Numerical Simulation of Closing Process of Shuttle Check Valve

Xiang Kefeng*, 1, 2, Yao Jin1, Zeng Xiangwei2
1 Sichuan University of Manufacturing Science and Engineering, Chengdu, Sichuan, 610041, China
2 Southwest University of Science and Technology of Manufacturing Science and Engineering, Mianyang, Sichuan, 621010, China

© 2015 Kefeng et al

open-access license: This is an open access article distributed under the terms of the Creative Commons Attribution 4.0 International Public License (CC-BY 4.0), a copy of which is available at: ( This license permits unrestricted use, distribution, and reproduction in any medium, provided the original author and source are credited.

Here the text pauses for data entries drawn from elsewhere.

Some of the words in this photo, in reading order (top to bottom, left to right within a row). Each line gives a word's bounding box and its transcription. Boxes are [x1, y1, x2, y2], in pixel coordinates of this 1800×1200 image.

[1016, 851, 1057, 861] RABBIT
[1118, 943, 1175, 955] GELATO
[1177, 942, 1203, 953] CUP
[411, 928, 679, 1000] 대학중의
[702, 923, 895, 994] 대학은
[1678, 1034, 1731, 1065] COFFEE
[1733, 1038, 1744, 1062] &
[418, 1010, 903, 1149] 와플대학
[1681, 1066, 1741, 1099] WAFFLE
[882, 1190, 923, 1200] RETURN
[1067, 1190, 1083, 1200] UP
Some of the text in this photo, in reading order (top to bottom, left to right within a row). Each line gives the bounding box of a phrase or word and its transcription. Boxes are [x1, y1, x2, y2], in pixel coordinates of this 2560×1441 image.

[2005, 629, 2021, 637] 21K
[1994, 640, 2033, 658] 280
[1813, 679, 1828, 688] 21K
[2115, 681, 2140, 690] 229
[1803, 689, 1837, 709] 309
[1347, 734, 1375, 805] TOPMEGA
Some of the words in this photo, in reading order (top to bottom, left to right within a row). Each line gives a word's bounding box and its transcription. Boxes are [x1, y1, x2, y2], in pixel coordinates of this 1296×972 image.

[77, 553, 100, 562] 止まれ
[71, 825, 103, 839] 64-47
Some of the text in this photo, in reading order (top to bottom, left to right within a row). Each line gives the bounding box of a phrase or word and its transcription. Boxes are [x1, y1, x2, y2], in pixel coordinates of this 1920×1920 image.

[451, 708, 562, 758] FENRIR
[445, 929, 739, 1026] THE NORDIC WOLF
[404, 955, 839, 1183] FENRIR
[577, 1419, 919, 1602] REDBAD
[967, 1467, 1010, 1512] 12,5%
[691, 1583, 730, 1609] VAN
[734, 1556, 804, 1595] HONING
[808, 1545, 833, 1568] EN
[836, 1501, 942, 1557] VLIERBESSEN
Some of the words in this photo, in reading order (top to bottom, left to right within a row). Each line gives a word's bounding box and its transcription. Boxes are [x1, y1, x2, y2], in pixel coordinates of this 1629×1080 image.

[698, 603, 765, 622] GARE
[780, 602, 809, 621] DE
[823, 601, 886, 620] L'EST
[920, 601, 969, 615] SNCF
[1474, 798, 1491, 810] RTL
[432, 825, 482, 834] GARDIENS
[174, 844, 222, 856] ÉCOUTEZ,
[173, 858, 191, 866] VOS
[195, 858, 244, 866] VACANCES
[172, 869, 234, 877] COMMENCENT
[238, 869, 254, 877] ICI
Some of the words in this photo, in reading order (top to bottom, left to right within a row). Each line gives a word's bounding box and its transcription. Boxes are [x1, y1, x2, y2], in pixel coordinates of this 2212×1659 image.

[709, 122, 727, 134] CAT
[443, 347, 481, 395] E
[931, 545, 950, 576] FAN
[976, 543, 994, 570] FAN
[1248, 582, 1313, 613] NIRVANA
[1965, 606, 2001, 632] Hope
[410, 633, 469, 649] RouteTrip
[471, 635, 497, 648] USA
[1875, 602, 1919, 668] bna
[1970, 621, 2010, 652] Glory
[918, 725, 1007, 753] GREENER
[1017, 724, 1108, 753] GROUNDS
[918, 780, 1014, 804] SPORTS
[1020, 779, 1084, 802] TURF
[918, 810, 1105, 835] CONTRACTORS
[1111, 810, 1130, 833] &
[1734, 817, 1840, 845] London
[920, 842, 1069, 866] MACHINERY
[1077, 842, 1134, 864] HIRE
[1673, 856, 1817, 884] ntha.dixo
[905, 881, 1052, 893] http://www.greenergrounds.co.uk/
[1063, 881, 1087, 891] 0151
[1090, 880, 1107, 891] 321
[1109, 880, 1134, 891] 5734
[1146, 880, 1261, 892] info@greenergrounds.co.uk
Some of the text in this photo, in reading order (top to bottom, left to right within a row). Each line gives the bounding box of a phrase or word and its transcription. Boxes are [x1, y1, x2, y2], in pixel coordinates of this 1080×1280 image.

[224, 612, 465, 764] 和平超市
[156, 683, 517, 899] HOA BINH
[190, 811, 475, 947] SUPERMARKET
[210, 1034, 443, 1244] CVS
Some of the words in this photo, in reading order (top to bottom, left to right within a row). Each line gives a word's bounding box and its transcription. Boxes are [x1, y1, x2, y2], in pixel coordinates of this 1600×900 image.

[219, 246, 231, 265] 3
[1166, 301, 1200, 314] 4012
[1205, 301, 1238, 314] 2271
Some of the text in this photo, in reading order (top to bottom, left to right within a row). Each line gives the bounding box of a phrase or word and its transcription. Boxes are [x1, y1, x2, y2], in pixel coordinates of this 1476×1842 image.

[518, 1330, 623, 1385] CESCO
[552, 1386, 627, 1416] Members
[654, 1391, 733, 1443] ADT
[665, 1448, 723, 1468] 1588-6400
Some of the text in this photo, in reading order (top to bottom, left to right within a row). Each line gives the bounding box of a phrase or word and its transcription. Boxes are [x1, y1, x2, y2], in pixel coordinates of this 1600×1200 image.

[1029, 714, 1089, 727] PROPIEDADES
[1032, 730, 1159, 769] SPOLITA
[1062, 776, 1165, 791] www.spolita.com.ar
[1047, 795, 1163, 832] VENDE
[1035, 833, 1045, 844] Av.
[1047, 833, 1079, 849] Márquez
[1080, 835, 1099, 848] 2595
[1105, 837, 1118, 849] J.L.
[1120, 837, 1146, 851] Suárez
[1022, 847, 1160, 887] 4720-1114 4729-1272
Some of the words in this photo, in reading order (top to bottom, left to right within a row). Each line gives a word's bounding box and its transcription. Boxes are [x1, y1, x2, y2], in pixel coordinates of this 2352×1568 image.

* Address correspondence to this author at the School of Manufacturing Science and Engineering, Sichuan University, Sichuan, 621010, P.R. China; Tel: 13990193382; E-mail:


For studying the kinetic characteristics of passive shuttle check valve at the moment that it closes its valve core on the condition of high pressure differences, this paper first constructs the equation of motion of the valve core and twodimensional geometrical model by using computation fluid dynamics method, then with the help of the calculation method and physical model provided by Fluent software, employing the dynamic mesh and user-defined functions, simulates the unsteady flow in the valve core’s closing process under the different pressure fluctuations, and obtains the stress nephogram, the velocity vector diagram, the speed curve, and pressure curve of the interior flow field of the valve. The results show that the bigger the value of valve fluctuation is, the larger the fluid pressure that the valve core is subjected to, the openness of the core and the speed fluctuation of the core are, and that in the case of sudden decompression at the entrance, the core can be shut down quickly with the steady speed field and pressure field. The simulation results are conducive to the design and optimization of structure parameter of shuttle check valve.

Keywords: Closing process, numerical simulation, shuttle check valve.